STUDY MATERIAL START

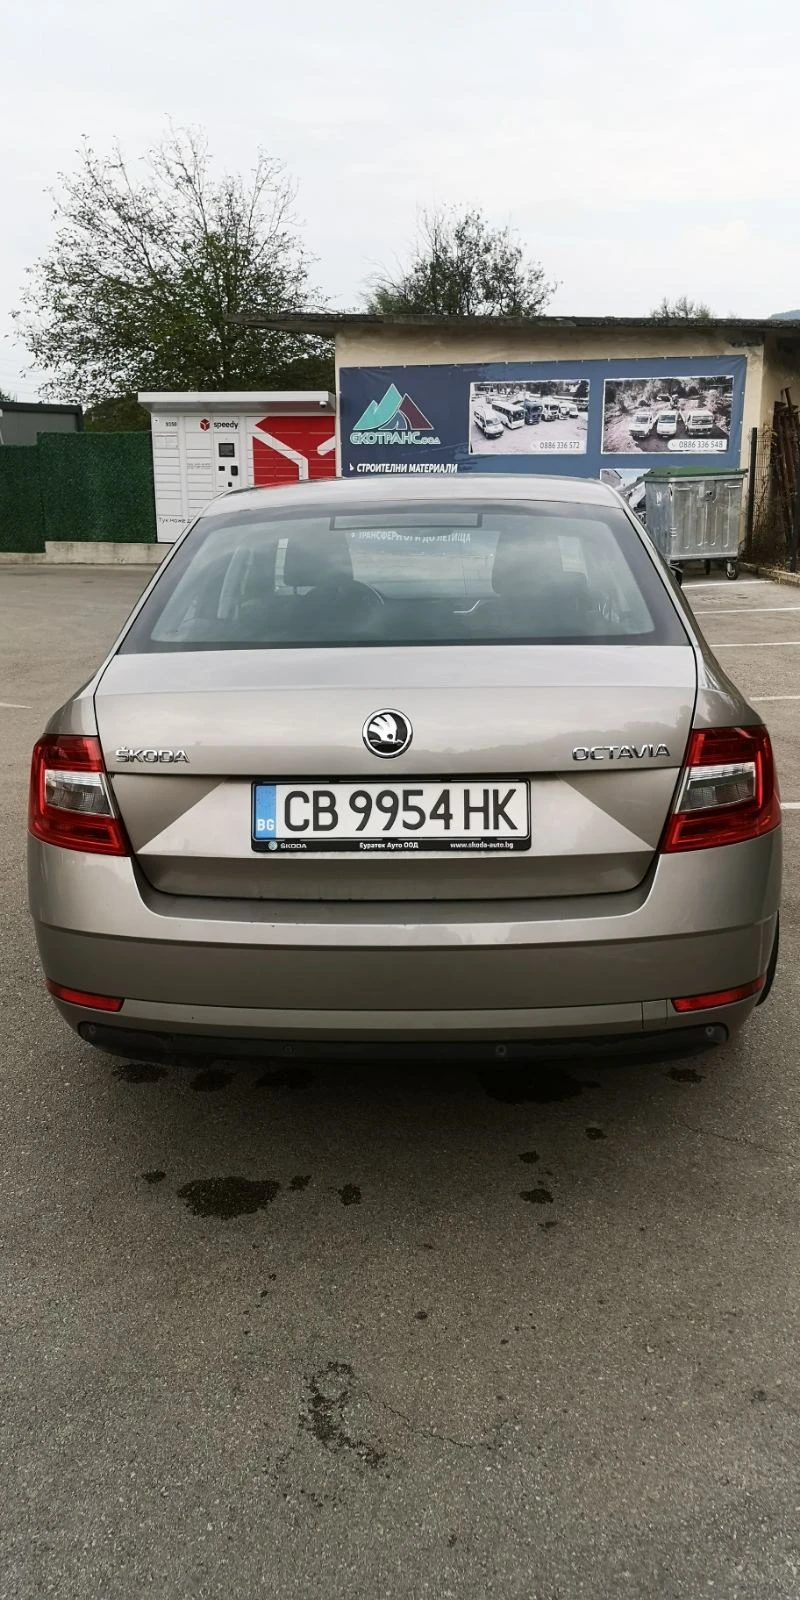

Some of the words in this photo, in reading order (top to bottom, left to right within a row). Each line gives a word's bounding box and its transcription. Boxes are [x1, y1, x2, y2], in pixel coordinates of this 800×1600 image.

[213, 420, 239, 430] speedy
[539, 441, 556, 449] 0886
[556, 441, 568, 449] 336
[569, 441, 580, 449] 572
[678, 440, 696, 448] 0886
[697, 440, 709, 448] 336
[710, 440, 723, 448] 548
[356, 463, 407, 473] СТРОИТЕЛНИ
[408, 463, 458, 473] МАТЕРИАЛИ
[115, 746, 190, 764] ŠKODA
[571, 743, 671, 761] OCTAVIA
[284, 789, 339, 831] CB
[349, 789, 453, 831] 9954
[463, 788, 518, 830] HK
[257, 819, 275, 831] BG
[386, 841, 402, 850] Ауто
[404, 841, 419, 849] ООД
[449, 841, 514, 850] www.skoda-auto.bg

STUDY MATERIAL END

> **WHAT YOU NEED TO DO**: Set the data above down again exactly as given, with no pictures.

> **RESPONSE TO THIS EXERCISE**:
Some of the words in this photo, in reading order (top to bottom, left to right within a row). Each line gives a word's bounding box and its transcription. Boxes are [x1, y1, x2, y2], in pixel coordinates of this 800×1600 image.

[213, 420, 239, 430] speedy
[539, 441, 556, 449] 0886
[556, 441, 568, 449] 336
[569, 441, 580, 449] 572
[678, 440, 696, 448] 0886
[697, 440, 709, 448] 336
[710, 440, 723, 448] 548
[356, 463, 407, 473] СТРОИТЕЛНИ
[408, 463, 458, 473] МАТЕРИАЛИ
[115, 746, 190, 764] ŠKODA
[571, 743, 671, 761] OCTAVIA
[284, 789, 339, 831] CB
[349, 789, 453, 831] 9954
[463, 788, 518, 830] HK
[257, 819, 275, 831] BG
[386, 841, 402, 850] Ауто
[404, 841, 419, 849] ООД
[449, 841, 514, 850] www.skoda-auto.bg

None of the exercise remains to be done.